En ese estudio participarán doscientos voluntarios procedentes de diez hospitales de España, de los que la mitad habrá recibido dos dosis de Pfizer-BioNTech y una de Hipra y el resto tres de la primera de estas farmacéuticas. Las pruebas comenzarán a finales de verano una vez se reciba autorización del Comité de Ética del Hospital Clínic de Barcelona y de la Agencia Española del Medicamento y Productos Sanitarios (AEMPS). La revisión continua de la vacuna de Hipra que inició la Agencia Europea del Medicamento el pasado 29 de marzo es el paso previo a la autorización del visto bueno para su comercialización.

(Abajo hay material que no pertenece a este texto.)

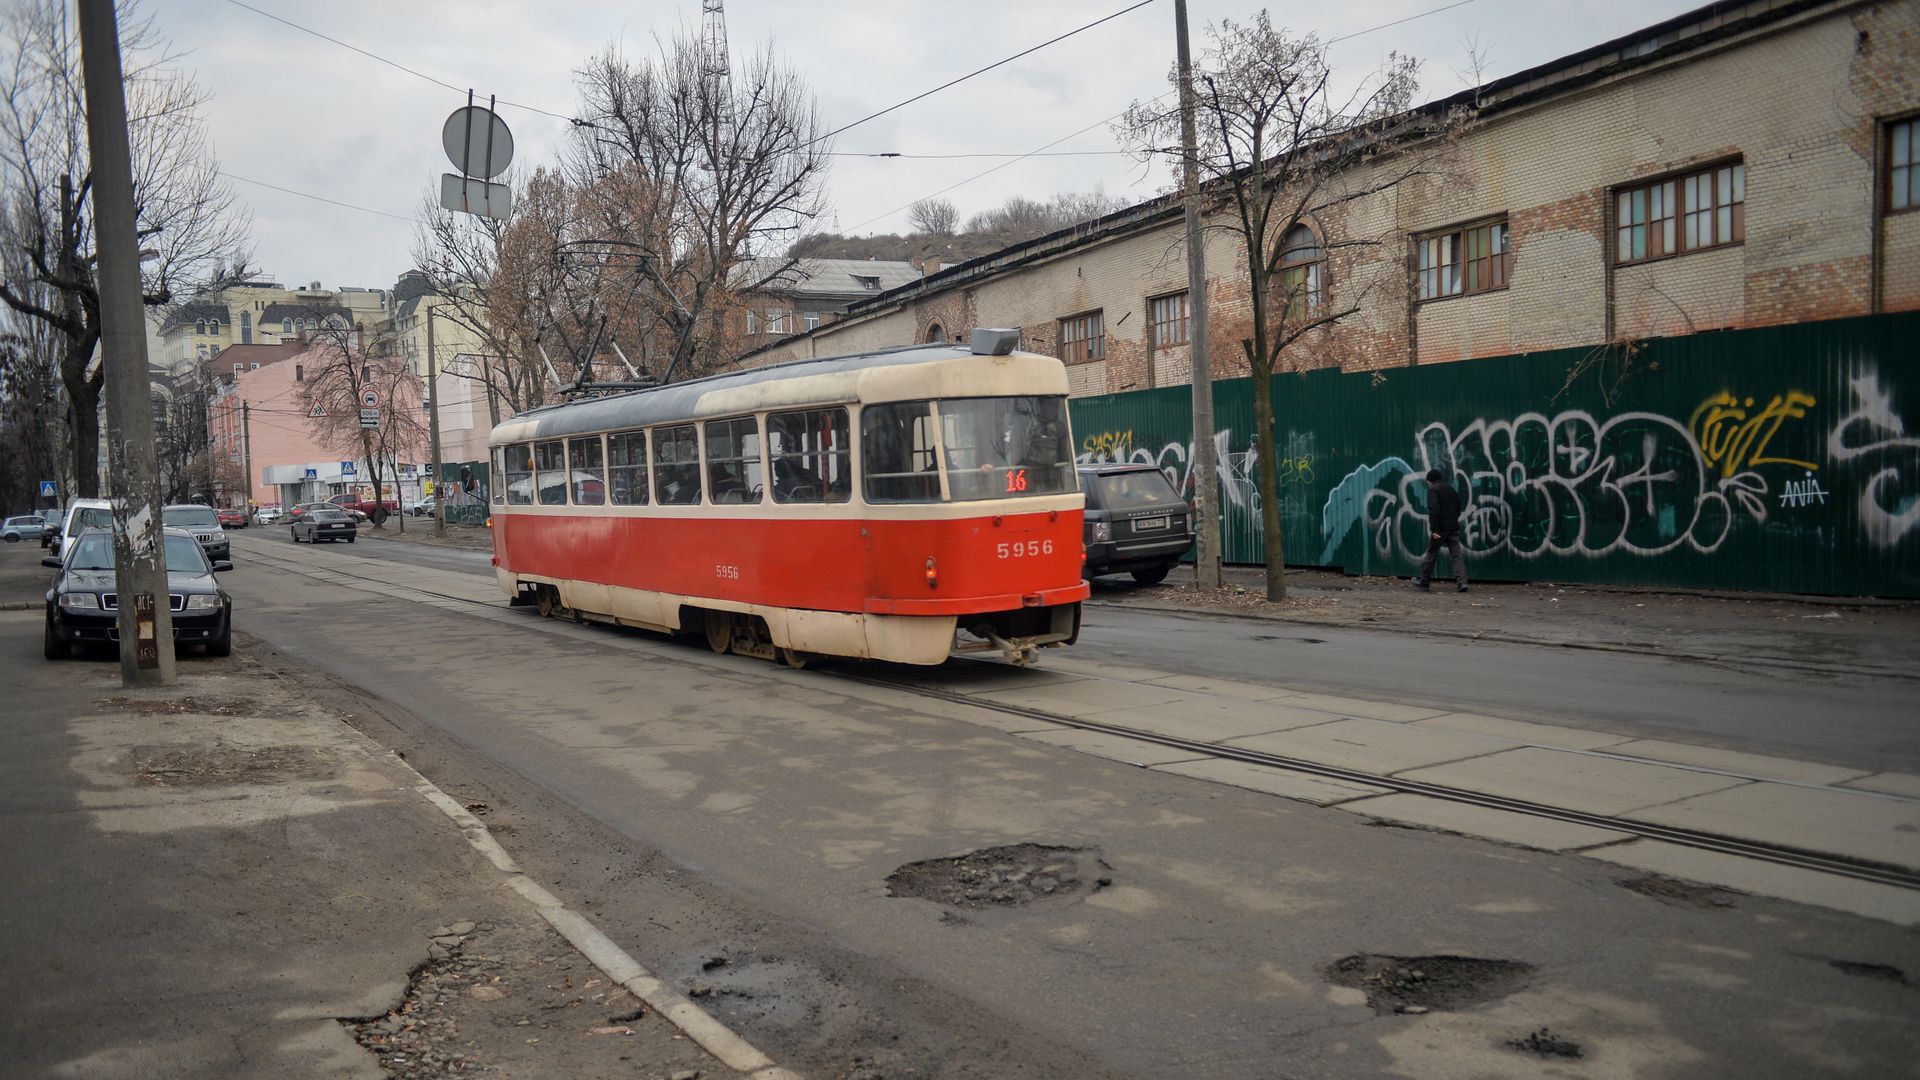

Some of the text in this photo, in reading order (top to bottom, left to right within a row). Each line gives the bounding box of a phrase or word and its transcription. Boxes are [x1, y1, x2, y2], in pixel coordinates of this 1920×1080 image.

[1006, 469, 1026, 492] 16
[997, 539, 1053, 559] 5956
[716, 565, 739, 579] 5956

Desde el laboratorio se considera que «encaja con las necesidades actuales en Europa» y que, «con un porcentaje de población cercano al 50 % que aún no ha recibido la dosis de refuerzo y pensando en las campañas de vacunación de otoño, es positivo que la población europea disponga de vacunas de otras tecnologías alternativas a las de mRNA». «El amplio espectro de protección frente a las variantes que han aparecido y su buen perfil de seguridad hacen de la vacuna de Hipra una solución interesante para las personas que deban vacunarse de acuerdo con las recomendaciones de las autoridades sanitarias», añaden desde Amer. La ministra de Sanidad, Carolina Darias, ya avanzó recientemente que, a partir de la segunda mitad de septiembre, con las nuevas vacunas anticovid adaptadas a las variantes Ómicron se podría comenzar a suministrar la cuarta dosis. Darias deseó también que la vacuna de Hipra esté «lo antes posible» disponible y recordó que depende en todo caso de la autorización de la Agencia Europa del Medicamento.